Édouard Georges Delacroix (24 January 1858 in Montrouge - 1 November 1907 in Paris) was a French mycologist and plant pathologist.

Beginning in 1886 he worked in the laboratory of plant pathology at the Institut nationale agronomique, where he later served as a lecturer of descriptive botany (from 1895) and plant pathology (from 1898).
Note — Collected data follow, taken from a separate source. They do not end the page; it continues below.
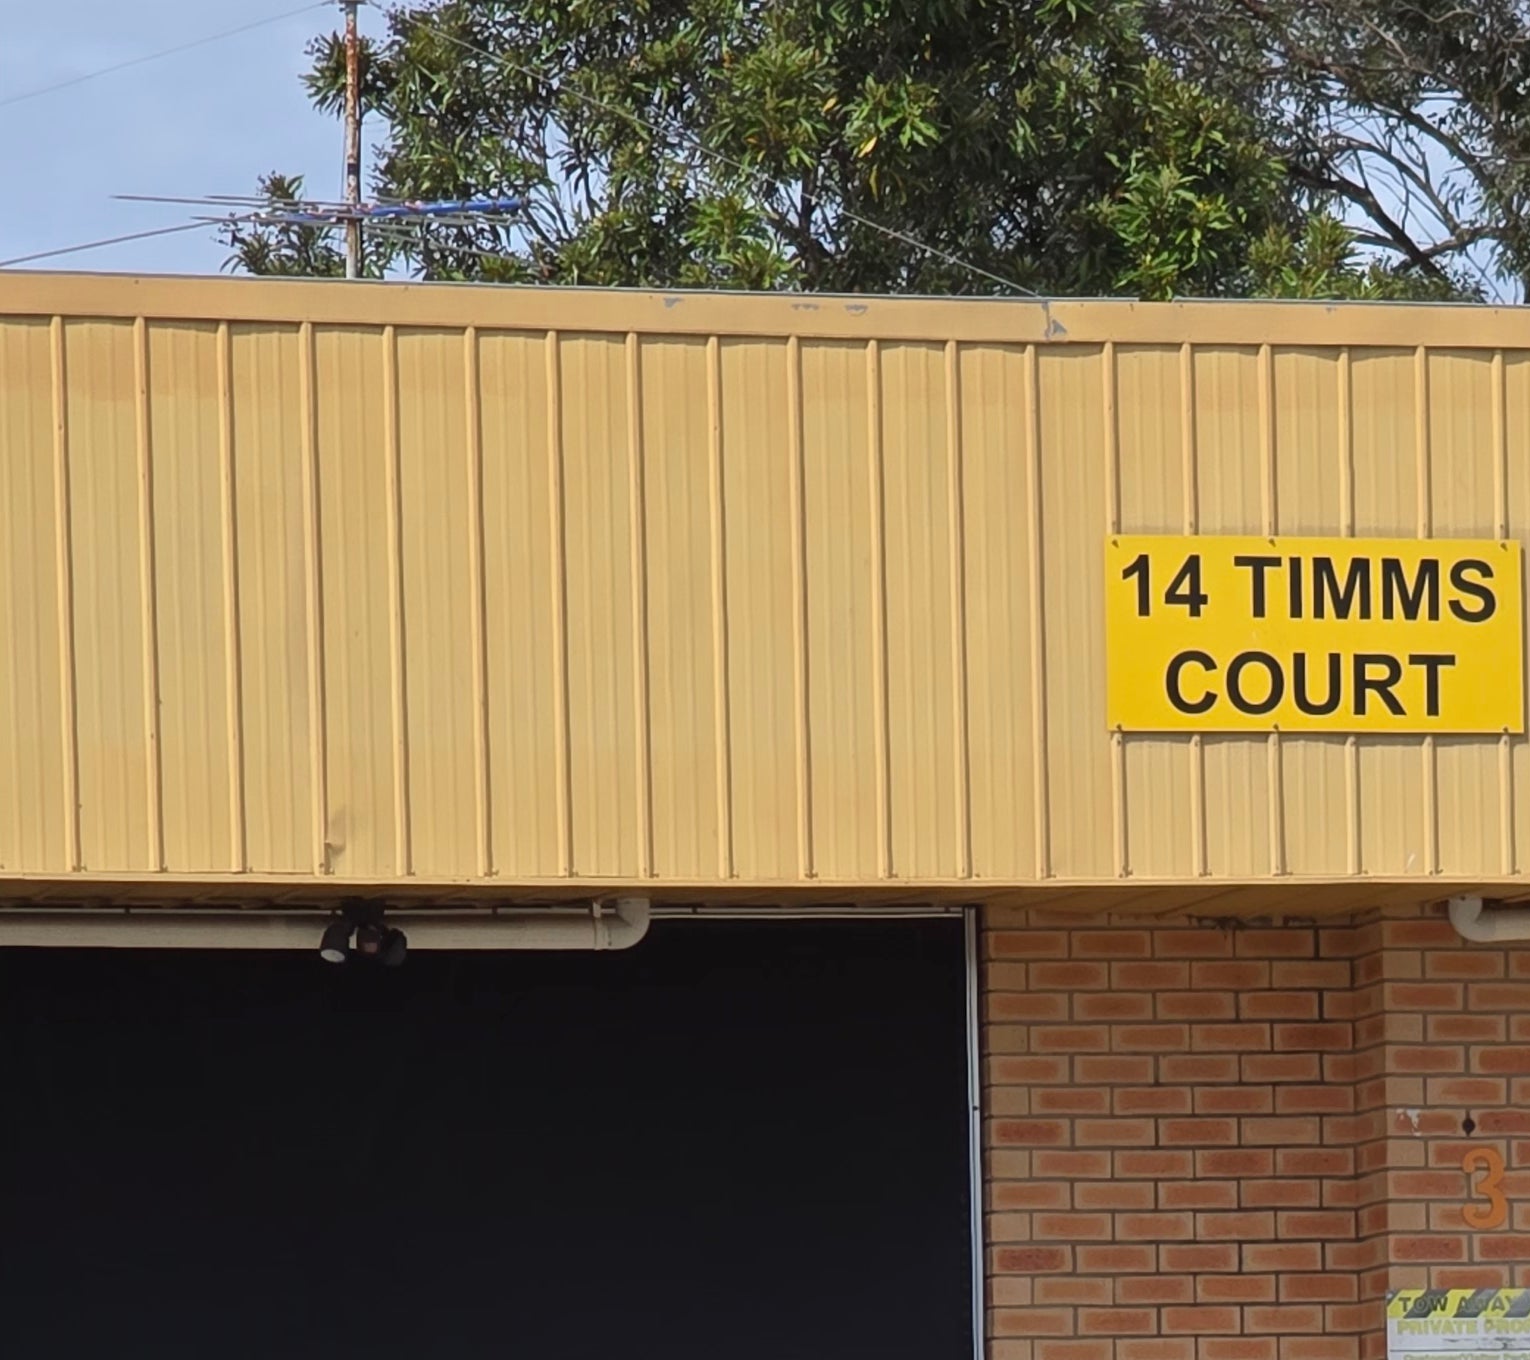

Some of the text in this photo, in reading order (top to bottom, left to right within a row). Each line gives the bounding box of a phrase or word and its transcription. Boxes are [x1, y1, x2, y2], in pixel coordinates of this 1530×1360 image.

[1121, 554, 1497, 622] 14 TIMMS
[1165, 651, 1456, 717] COURT
[1462, 1148, 1508, 1228] 3
[1396, 1319, 1478, 1336] PRIVATE
[1398, 1296, 1449, 1313] TOW
In 1899 he was named director of the Station de Pathologie végétale in Paris.

His name is associated with the mycological species Aspergillus delacroixii (synonym, Aspergillus nidulans var. echinulatus).

== Selected works ==
- Espèces nouvelles observées au Laboratoire de Pathologie végétale (1893) - New species observed at the laboratory of plant pathology.
- Les maladies des noyers en France; with Édouard Ernest Prillieux (1898) - Diseases of walnut trees in France.
- Atlas de botanique descriptive comprenant l'étude des familles les plus importantes au point de vue économique (cryptogames et phanérogames) (1898) - Atlas of descriptive botany.
- Les maladies et les ennemis des caféiers (1900) - Diseases and pests of coffee.
- Maladies des plantes cultivées; with André Maublanc (2 volumes, 1908–09) - Diseases of cultivated plants.
  - I, Maladies non parasitaires (non-parasitic diseases), by Delacroix.
  - II, Maladies parasitaires (parasitic diseases), by Delacroix and Maublanc.